The next consideration is when caring for an elder is beyond our personal capacity, and we need to place them in a supported living situ­ation because they need supervision and care that we can no longer provide. This is probably one of the hardest decisions to make.

We are used to mom or dad being inde­pendent, living their lives, and on their terms, but we need to be alert to tell-tale signs that things are no longer as they should be.

Whether it’s coming in and finding the teapot on the stove, burner going and the water has boiled off, filling the kitchen with the odour of burning metal; having to an­swer the same question 4 or more times in a fifteen-minute time frame; or a decline in personal daily living skills, we need to accept what these things might mean.

Usually, the kitchen is clean, but lately, there have been dishes with unfinished food on the table, doors are left unlocked or open, or your loved one is taking an extraordinarily long time to get dressed, or asking for daily medications that they’ve already taken.

There are other signs, but the key is to pay attention, who knows our family members better than we do?

These things are further complicated if the elder becoming infirmed or injured lives in another city or country. An associate of mine received a phone call to come home quick, his father wasn’t doing too well and was in the hospital, home being London. This oc­curred on the cusp of the holiday season, so even though the family was on holiday, they hadn’t quite planned to spend it visiting dad in the hospital.

Having the difficult conversation with the doctors takes on new meaning when the prognosis is not simple. Planning for a week-long visit that may turn into three weeks or more presents financial challenges and adds major stress to an already stressful situation.

This is where a robust social safety net pays off. Staying with family as opposed to a hotel or motel, if there is not ready public transportation catching a lift with family or friends of the family can take a lot off your plate.

You may ask when should I start prepar­ing? As they say with planting trees, when is the best time to plant one? Twenty years ago. When’s the next time? Now!

Every hour you spend in preparation now can take hours, days or weeks off stress­ful activities backtracking through bills, researching benefits, or looking for legal documentation.

Elders can be very cantankerous about your perceived interference, but you must try to reassure them that you are here to help and be aware that you must follow correct legal procedures in these matters. Please be sure to consult a legal expert in the drafting and correct use of documents.

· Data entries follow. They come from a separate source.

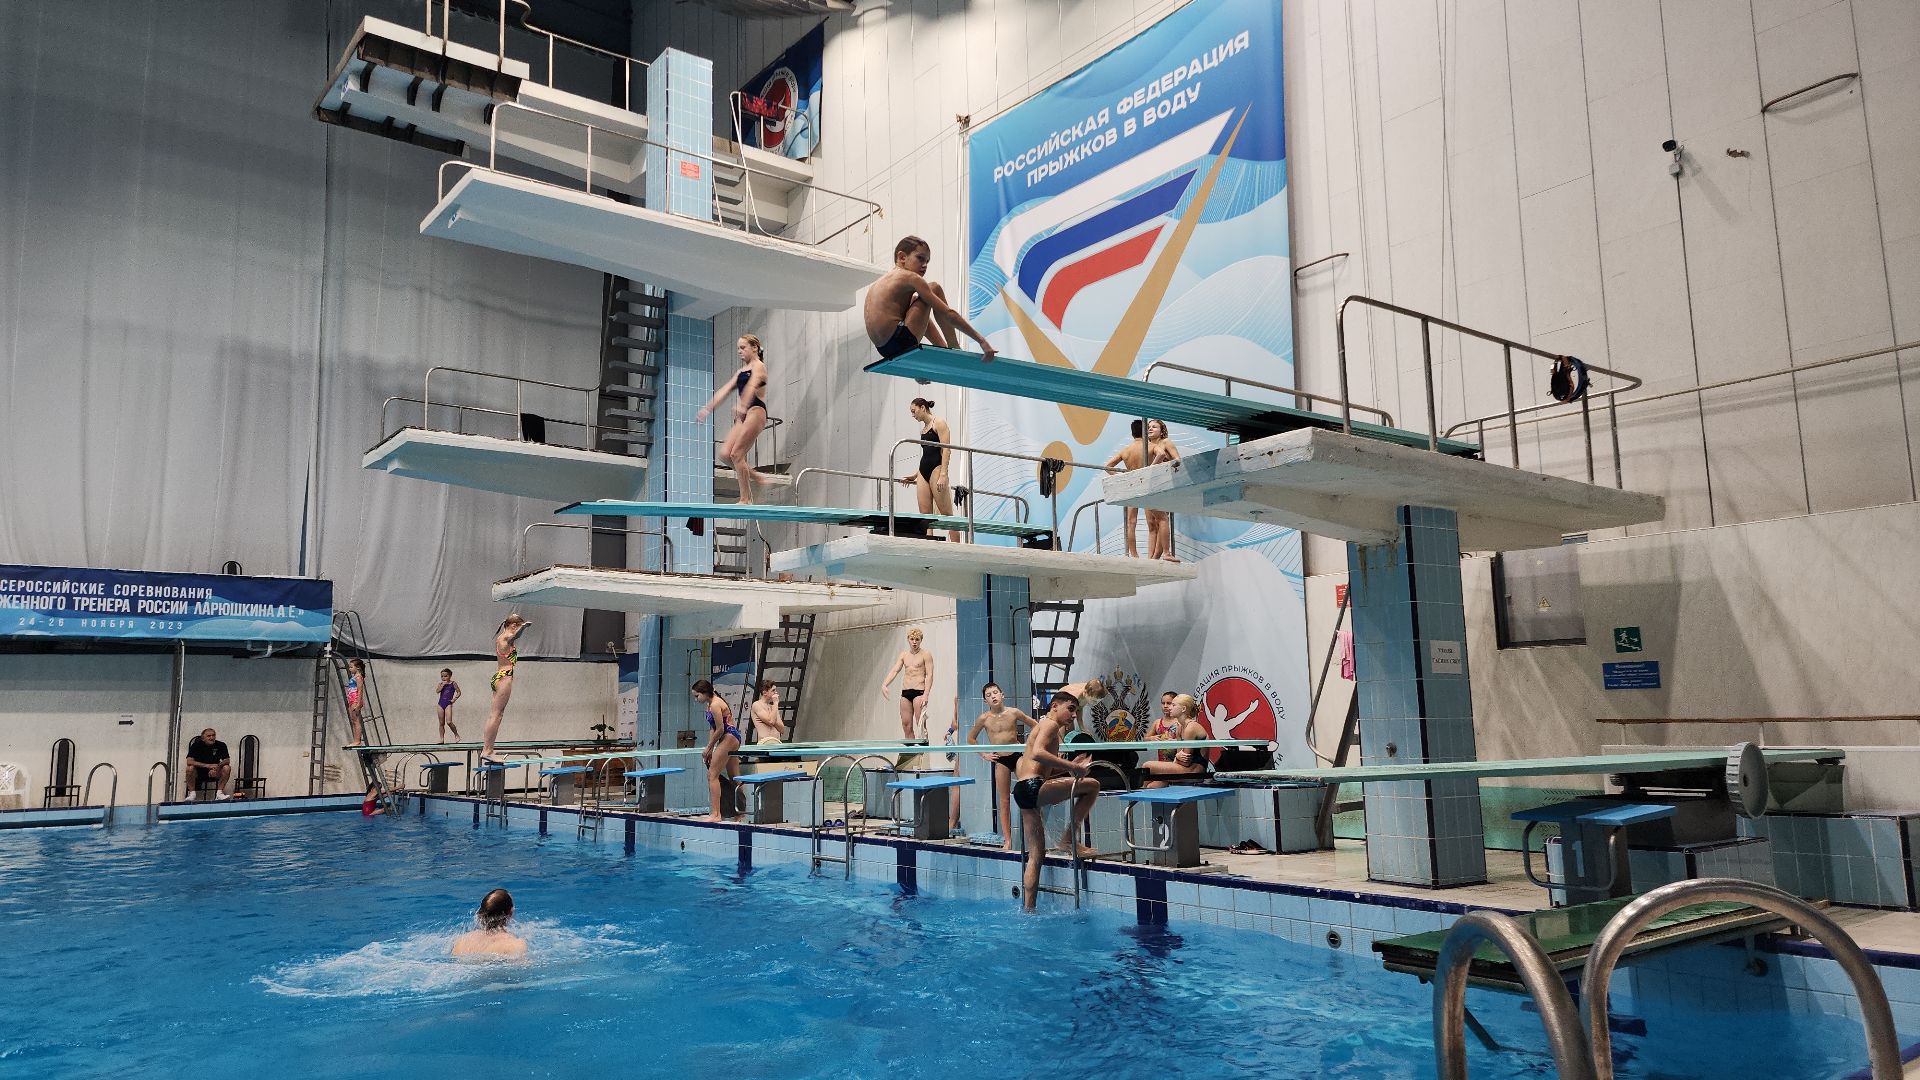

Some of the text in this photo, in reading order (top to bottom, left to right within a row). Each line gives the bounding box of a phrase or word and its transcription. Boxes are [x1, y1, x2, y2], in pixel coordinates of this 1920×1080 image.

[994, 30, 1249, 183] РОССИЙСКАЯ ФЕДЕРАЦИЯ
[1026, 82, 1201, 187] ПРЫЖКОВ В ВОДУ
[73, 596, 131, 612] ТРЕНЕРА
[138, 599, 188, 614] РОССИИ
[194, 602, 274, 617] ЛАРЮШКИНА
[113, 583, 213, 599] СОРЕВНОВАНИЯ
[81, 619, 135, 629] НОЯБРЯ
[150, 621, 183, 630] 2023
[1193, 665, 1287, 720] ЕРАЦИЯ ПРЫЖКОВ В ВОДУ
[1572, 841, 1585, 877] 1
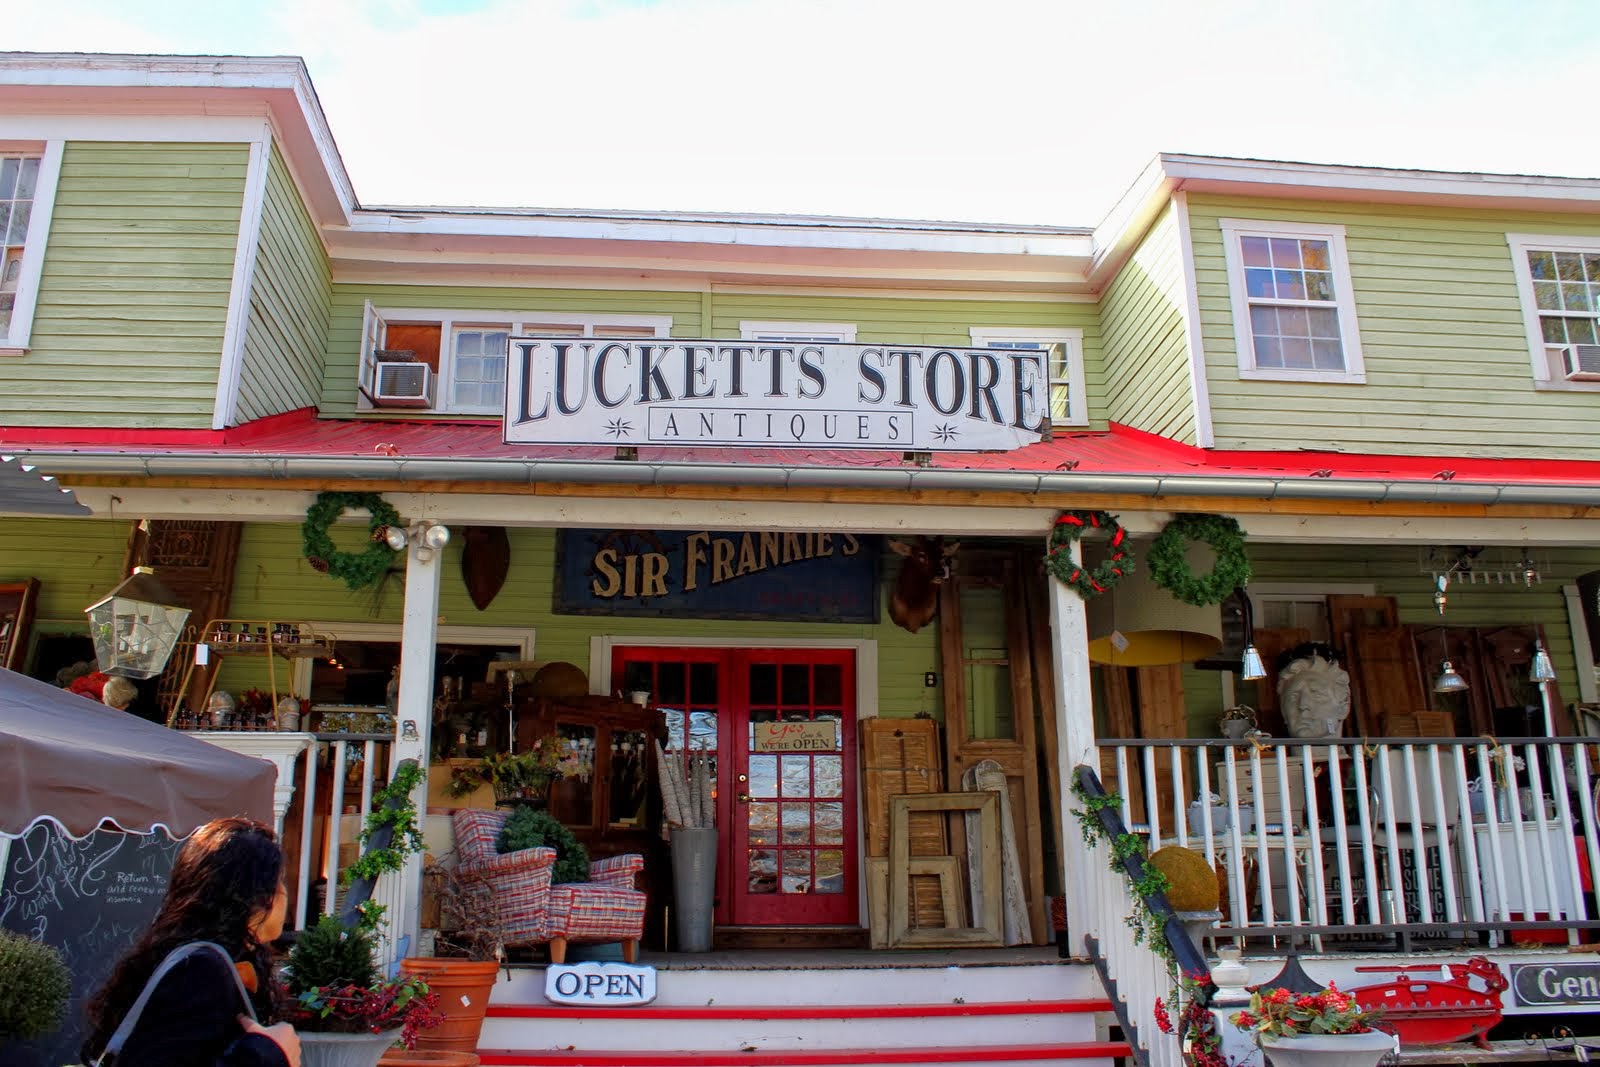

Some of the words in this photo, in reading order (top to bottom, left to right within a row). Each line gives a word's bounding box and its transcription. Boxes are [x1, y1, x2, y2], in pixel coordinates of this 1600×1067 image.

Finally, whatever the situation; don’t go it alone – make sure you reach out for help. Even if it’s just someone you can talk to. To be able to share what we experience pro­vides two things for us. First, we gain comfort in knowing we are not alone. Second, talking about what we’re going through may provide solutions to challenges we are experiencing or the person we’re sharing with.

For most of our lives, we don’t really consider having to care for one or both of our parents for an extended period.